Más que ayuda: Ceuta muestra el poder transformador de la solidaridad
"Cuando la adversidad golpea, la solidaridad responde". 15 voluntarios ceutíes, con el apoyo de empresas y organizaciones locales, se desplazarán a Valencia para realizar trabajos de limpieza y reparación en las viviendas más afectadas por las riadas, llevando con ellos no solo materiales, sino también un mensaje de esperanza
El Poblado Marinero de Ceuta ha sido testigo de una emotiva jornada solidaria, donde la unión y el compromiso brillaron para apoyar a las familias de Valencia cuyas vidas se han visto devastadas por las riadas provocadas por la DANA del pasado 29 de octubre. Bajo la organización del grupo Eccos, el evento combinó gastronomía y solidaridad a través de la venta de tapas y bebidas, con el objetivo de recaudar fondos para una misión humanitaria que se llevará a cabo entre el 24 de noviembre y el 1 de diciembre.
Esta iniciativa, profundamente humana, será posible gracias al esfuerzo de 15 voluntarios, hombres y mujeres dispuestos a dedicar su tiempo y energía para restaurar la esperanza. Entre ellos hay profesionales de la albañilería, fontanería y pintura, junto a personas sin experiencia técnica que sumarán su esfuerzo en labores de limpieza y reacondicionamiento. “Nuestro propósito es devolver la luz a las viviendas más vulnerables,” afirma Juan José Díaz, portavoz de Eccos, quien destacó que la idea surgió al conocer de cerca la magnitud de los daños sufridos por las familias valencianas.
El grupo viajará con el apoyo logístico de Cáritas y la generosidad de más de 50 empresas locales, que han donado materiales esenciales como pintura, herramientas y equipos de protección. Además, los ayuntamientos de Génesis y Alaquàs han dispuesto alojamientos y comidas para facilitar la labor de los voluntarios.

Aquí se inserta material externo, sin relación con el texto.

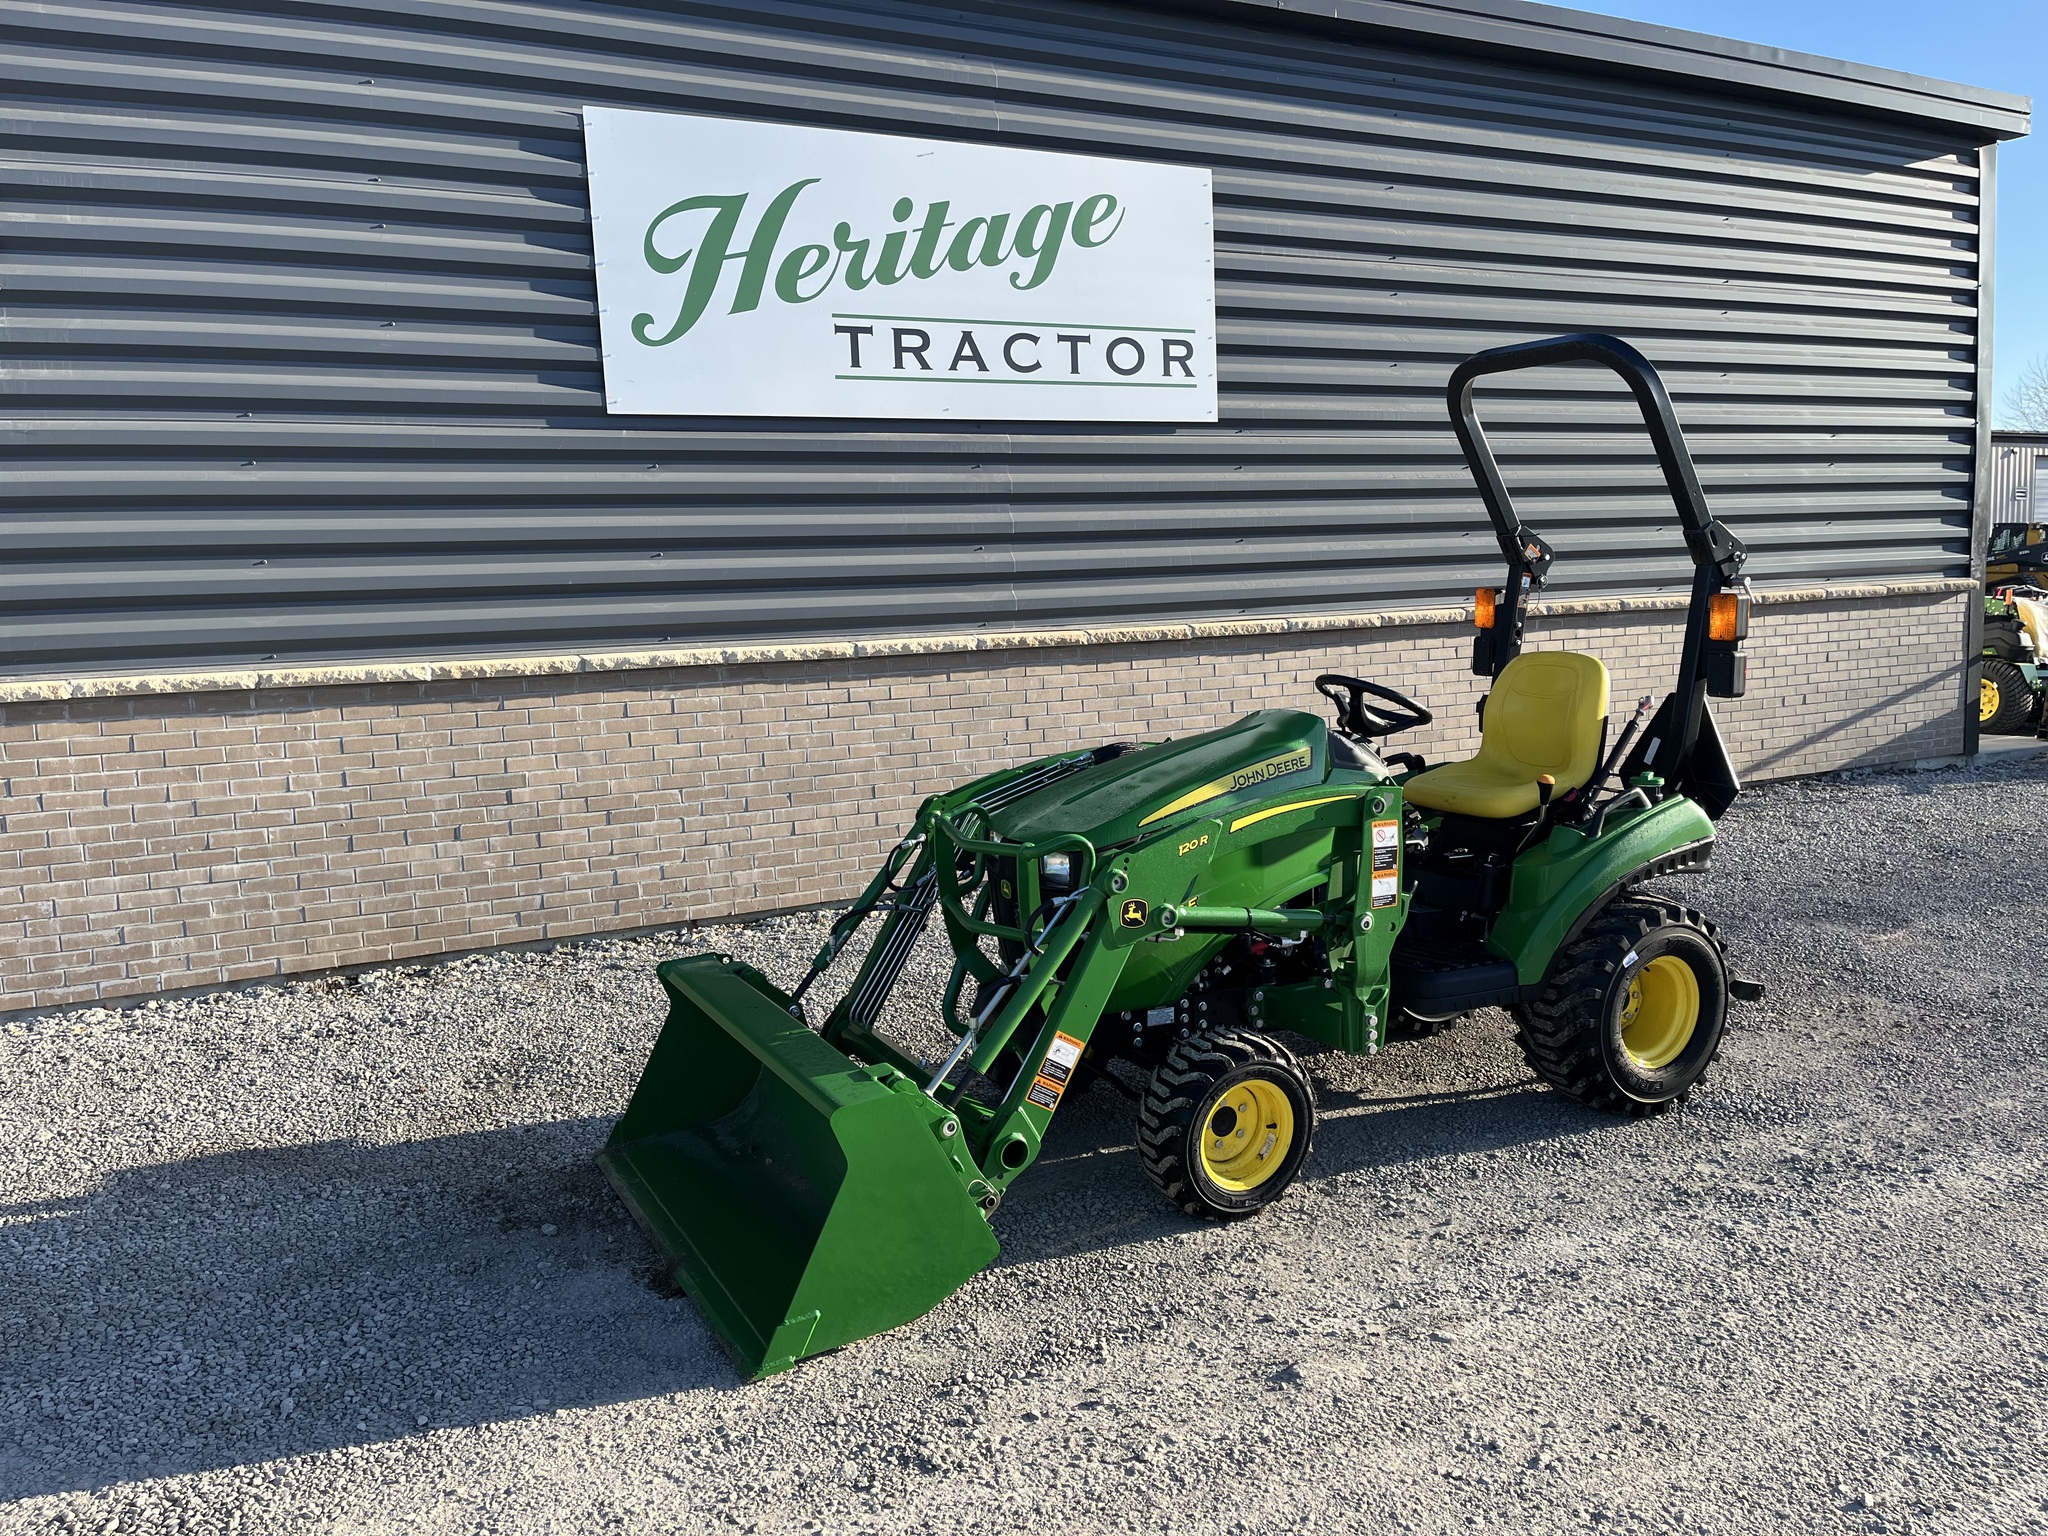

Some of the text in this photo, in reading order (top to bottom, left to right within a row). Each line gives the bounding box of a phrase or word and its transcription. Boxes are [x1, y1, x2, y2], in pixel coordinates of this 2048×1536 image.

Cada detalle, desde la recaudación hasta la organización, refleja un entramado de solidaridad que busca aliviar el sufrimiento de quienes lo han perdido todo.
La recaudación lograda en esta jornada permitirá cubrir gastos cruciales, como el transporte de materiales desde Algeciras, aunque aún quedan por cubrir importantes costos logísticos. “Hemos recibido mucha ayuda, pero seguimos necesitando recursos para garantizar que esta misión sea un éxito,” comenta Díaz, agradeciendo cada pequeño gesto que acerca a los voluntarios a su meta.
Esta misión humanitaria no solo busca reparar viviendas, sino también restaurar la dignidad y la estabilidad de las familias afectadas. “Queremos dejar una huella positiva, reparar el mayor número de hogares y demostrar que en la adversidad, la solidaridad es capaz de transformar vidas,” concluyen los organizadores.
La campaña solidaria destaca el espíritu generoso del pueblo ceutí, un ejemplo inspirador de cómo la colaboración entre ciudadanos, empresas y organizaciones puede convertir una tragedia en un acto de esperanza. Es una prueba de que, cuando se unen manos y corazones, ninguna tormenta es capaz de apagar la luz de la solidaridad.